Ask HN: What would you include in a tech curriculum? - spirodonfl
Imagine you&#x27;re asked to add your own topics and courses in a tech curriculum. What would you want to include?
======
AnimalMuppet
I'm going to talk about CS. And first, a disclaimer: I didn't major in CS, and
my degree was 34 years ago. This is based on my impressions of where CS is,
and may not reflect reality.

But I think that CS departments need to be split. There needs to be a CS
department, in the College of Science ( _not_ the College of Engineering,
where CS usually is), and a different Software Engineering department in the
College of Engineering.

I say this because it seems to me that CS and Software Engineering are two
separate sets of concerns, related but different. If someone had a chemistry
degree, say, we would not expect them to be prepared for a career as a
chemical engineer. At the same time, we expect a chemical engineering degree
to require a fair knowledge of chemistry.

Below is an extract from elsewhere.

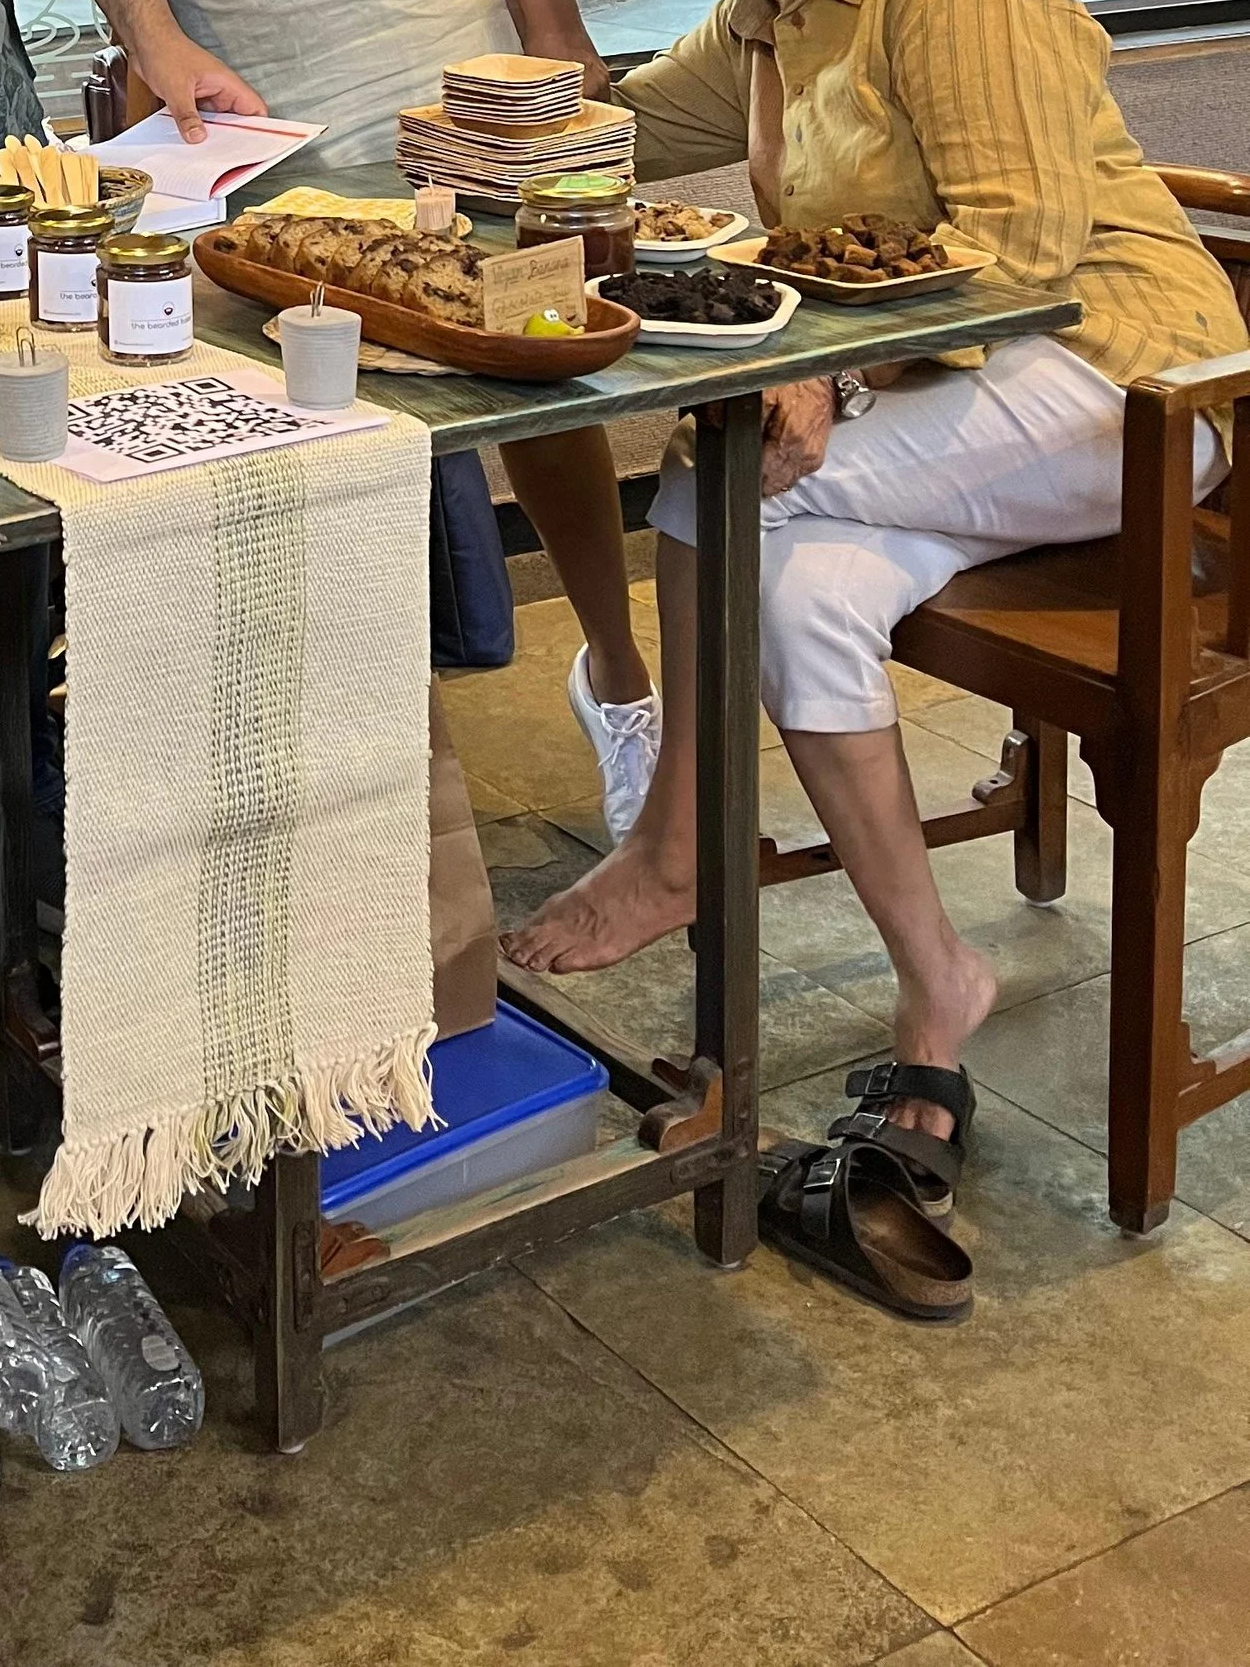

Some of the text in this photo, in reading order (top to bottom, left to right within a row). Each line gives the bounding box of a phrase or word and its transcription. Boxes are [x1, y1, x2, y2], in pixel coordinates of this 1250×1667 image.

[59, 292, 73, 301] the
[131, 322, 145, 330] the
[147, 318, 179, 331] bearded

My perception is that our current system is not preparing people for careers
as software engineers. It's preparing them for careers as computer scientists,
which is not the same thing. And, of those who graduate who stay in computers,
I'd guess that 95% of them will work as software engineers, and only 5% as
computer scientists.

What specifically would I change in the curriculum, to make a software
engineering (rather than CS) curriculum? At a minimum, I'd have a class where
the students had to add a feature to an existing 200,000 line code base, where
the original authors were not available to them. I'd have a class that covered
several languages, with emphasis on the real-world strengths and weaknesses of
those languages - when to use them, and when to avoid them. I'd have a class
on tools used in software engineering - source code control systems, bug
databases, requirements databases, static analysis tools, profilers, and so
on. I'd have a class on dealing with social aspects, including detection of
psychopaths, dealing with toxic people and environments, dealing with
management, interviewing, and probably several other things I forgot. I'm sure
I missed some classes that are needed.